Nice dollars in those tough days.
The heat was fairly savage when we went out - at the time of writing we'd been over a hundred degrees on the old fahrenheit scale for about six weeks - hot enough to burn holes in you. Sunblock up! We were in the air-conditioned Magna though and it was all pretty easy. We got hot a couple of times but really it was no sweat. Jump in the car, pump up the air-con and things are pretty sweet.
The old miners did it it a bit tough back then though. We're talking about 1933, 1935 now. Rough, tough, fry your brains out stuff. Hard times for those blokes.
Most people in Tennant Creek just accept that they're here, they don't really know why or how they got here.
The only reason they're here is because an Aboriginal bloke called Frank passed a bit of gold across to a white fellow who knew the value of a lump of rock back in about 1930 or 1931 - the dates don't matter that much - and a rush started. It was during the depression and no-one was doing it that easy then.
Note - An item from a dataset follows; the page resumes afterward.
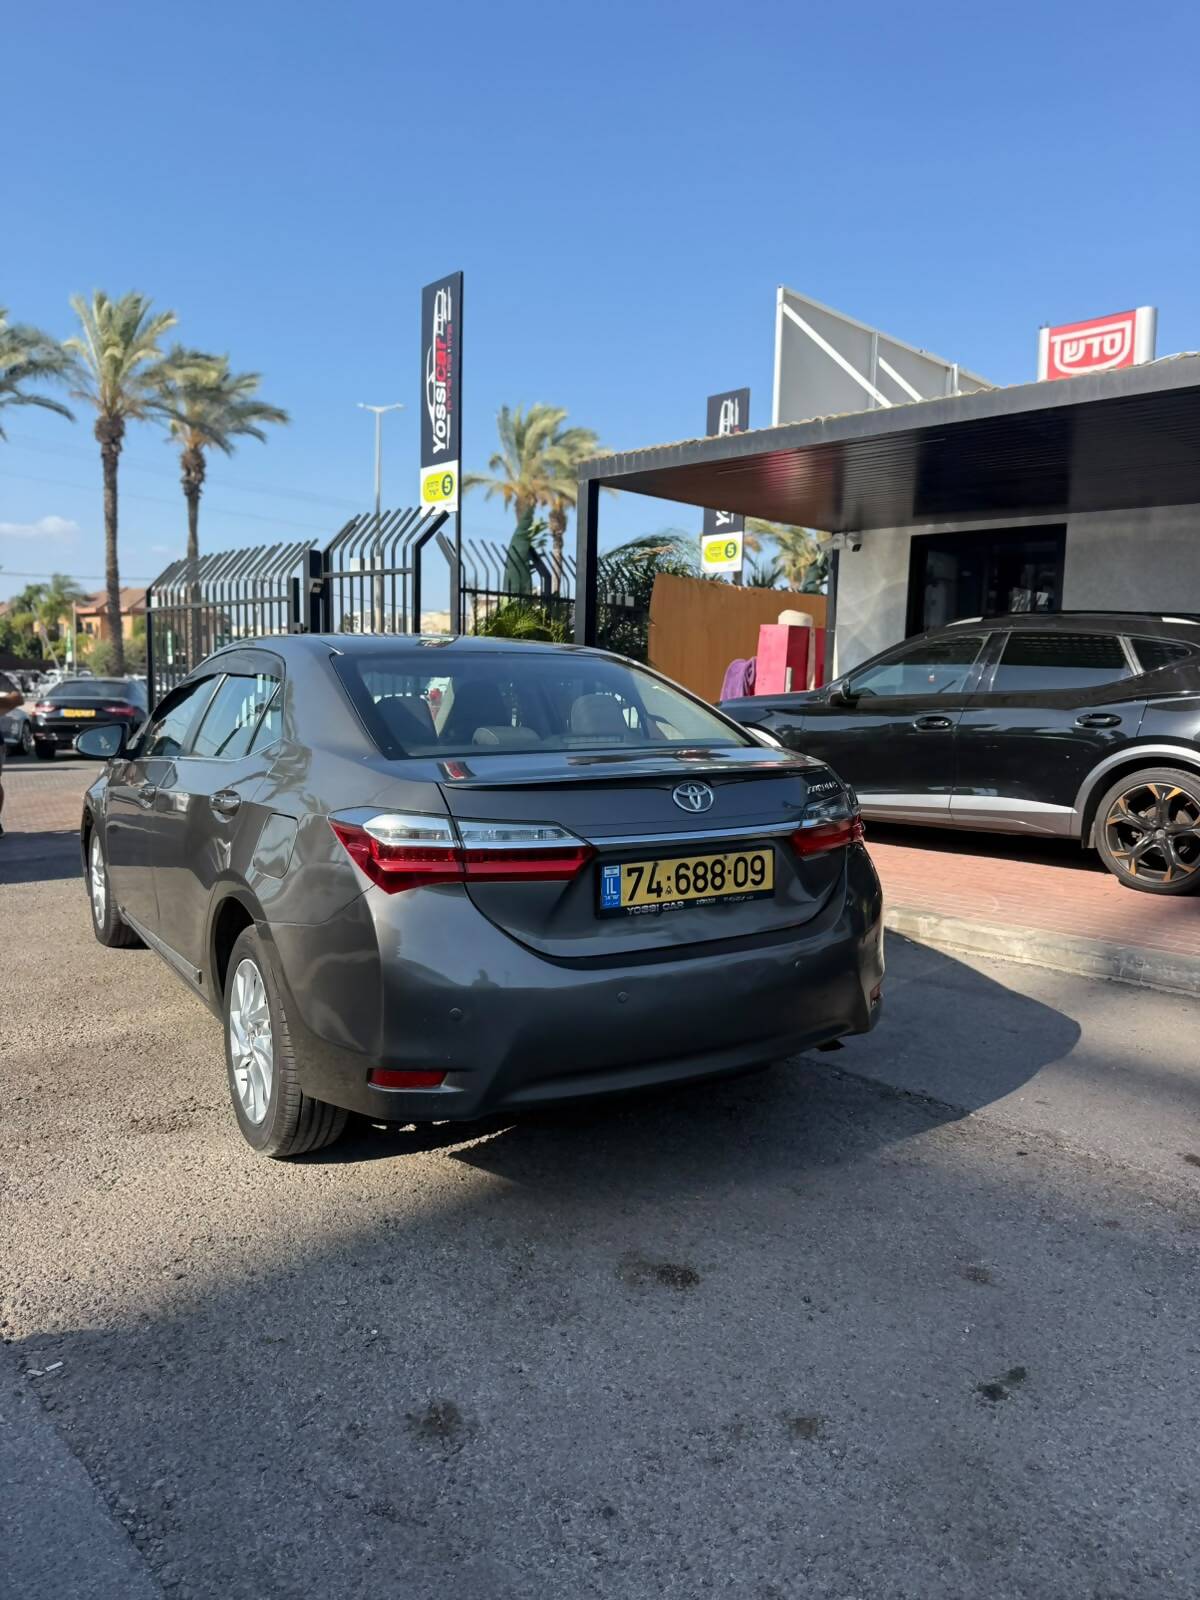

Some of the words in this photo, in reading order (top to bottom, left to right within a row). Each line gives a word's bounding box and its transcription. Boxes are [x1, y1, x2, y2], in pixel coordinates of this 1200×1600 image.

They came here, to dear old Tennant Creek. It genuinely was the last Gold Rush in Australia. A Gold Rush is when a flush of colour calls to the hungry and the desperate and the no-hopers and everyone else and they all come together, all of them trying to pull a quid out of what's around, what's in the ground and what's sitting on the surface for everyone to have a bit of a pick at.
The early colour in Tennant Creek was pretty good - there are some sites around, not far from the town centre, that were returning six to ten ounces of gold for a tonne of pretty hard-obtained ore. It's all hematite and magnetite around here and it can bite ends off diamond drill bits, even today, like a cat can bite the head off a mouse.
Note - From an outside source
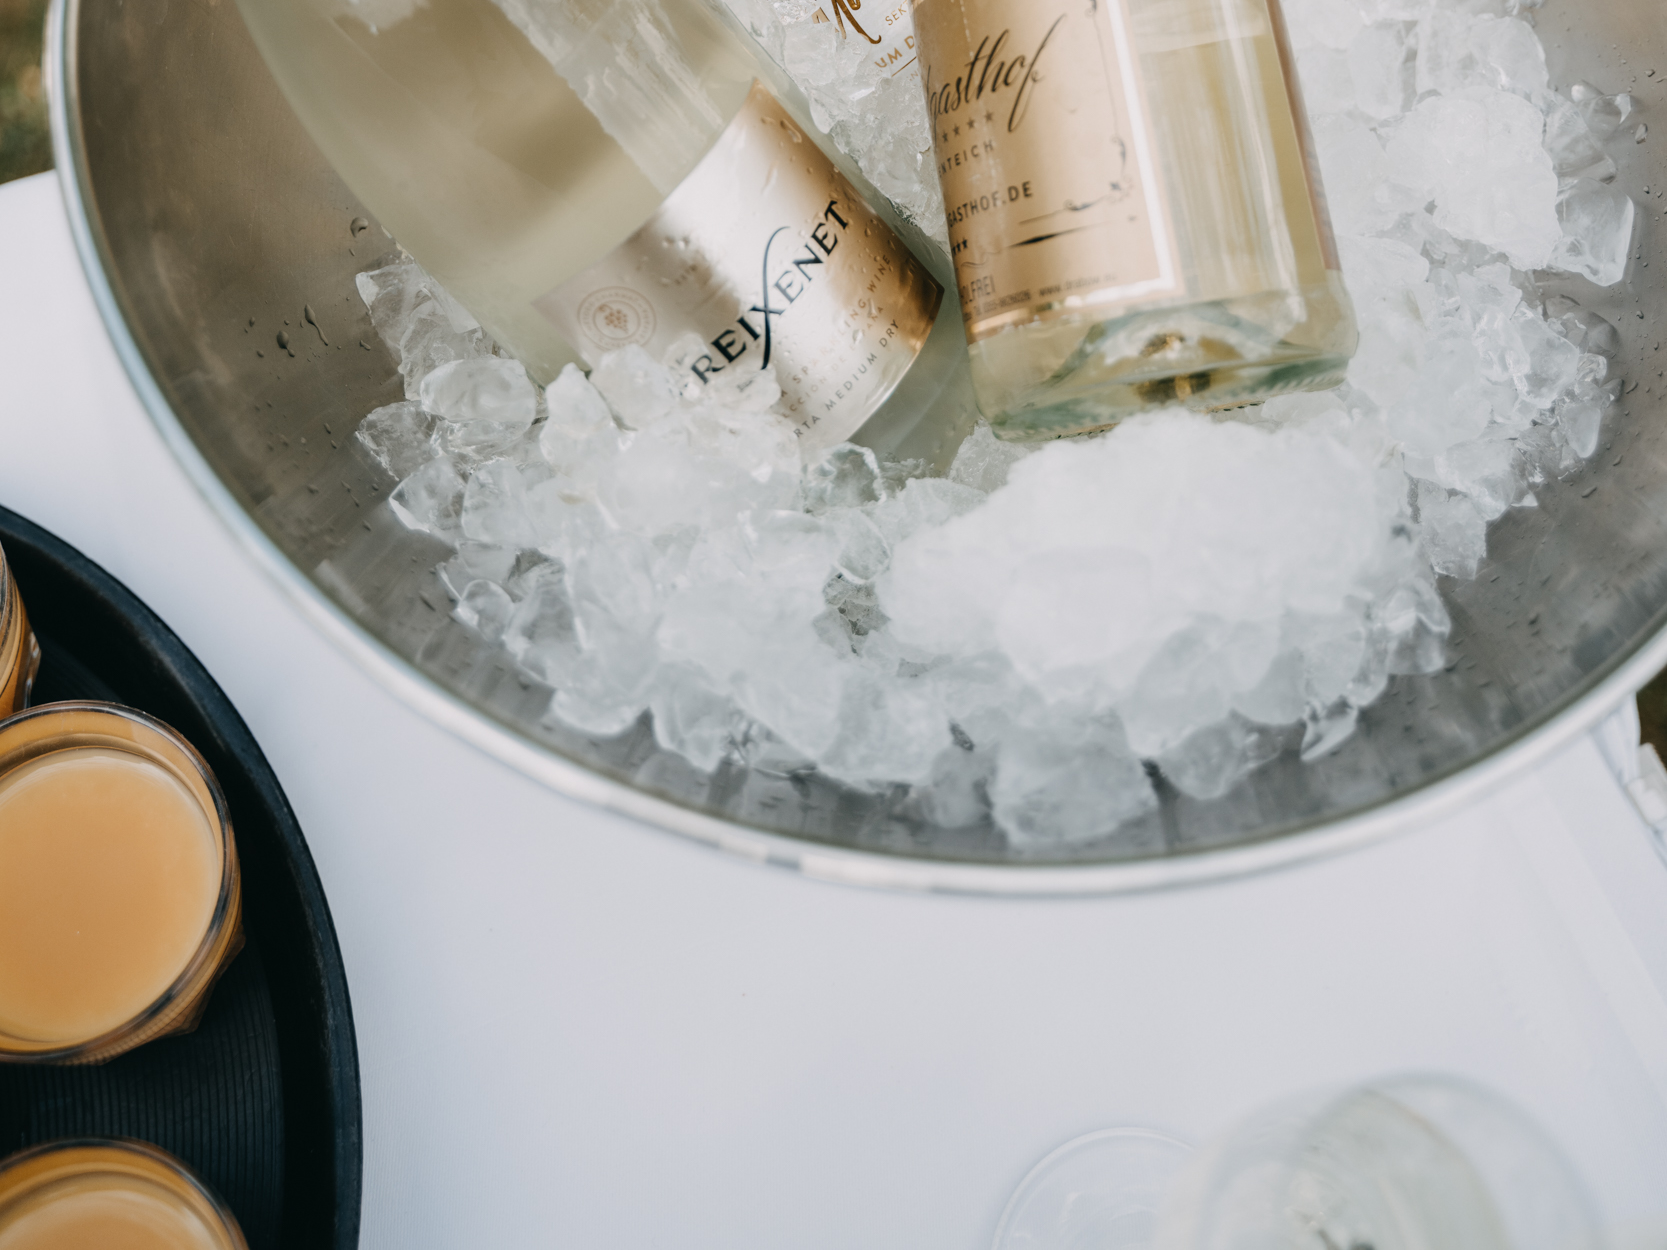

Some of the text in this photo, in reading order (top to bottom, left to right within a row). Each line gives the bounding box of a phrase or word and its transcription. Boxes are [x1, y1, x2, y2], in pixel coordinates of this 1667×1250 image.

[680, 199, 849, 394] REIXENET
[792, 254, 891, 384] SPARKLING WINE
[793, 319, 899, 438] RTA MEDIUM DRY
And those old miners worked in conditions worse than a blast furnace, poured their strength and their youth and vigour into mines that sometimes gave them jack shit in return and then again sometimes gave them an absolute fortune.
They'd hang their bottles of beer up in wet socks, keep them damp so that at the end of the day there'd be just a bit more than a dry humpy and bugger all else to go back to. They'd open up a tin of boiled meat and eat it and love it and then fall over at the end of the day on a rough old cot and sleep and think about getting rich.
They were said to be men of marvellous stature, built like gods, accompanied by women "hard and strong".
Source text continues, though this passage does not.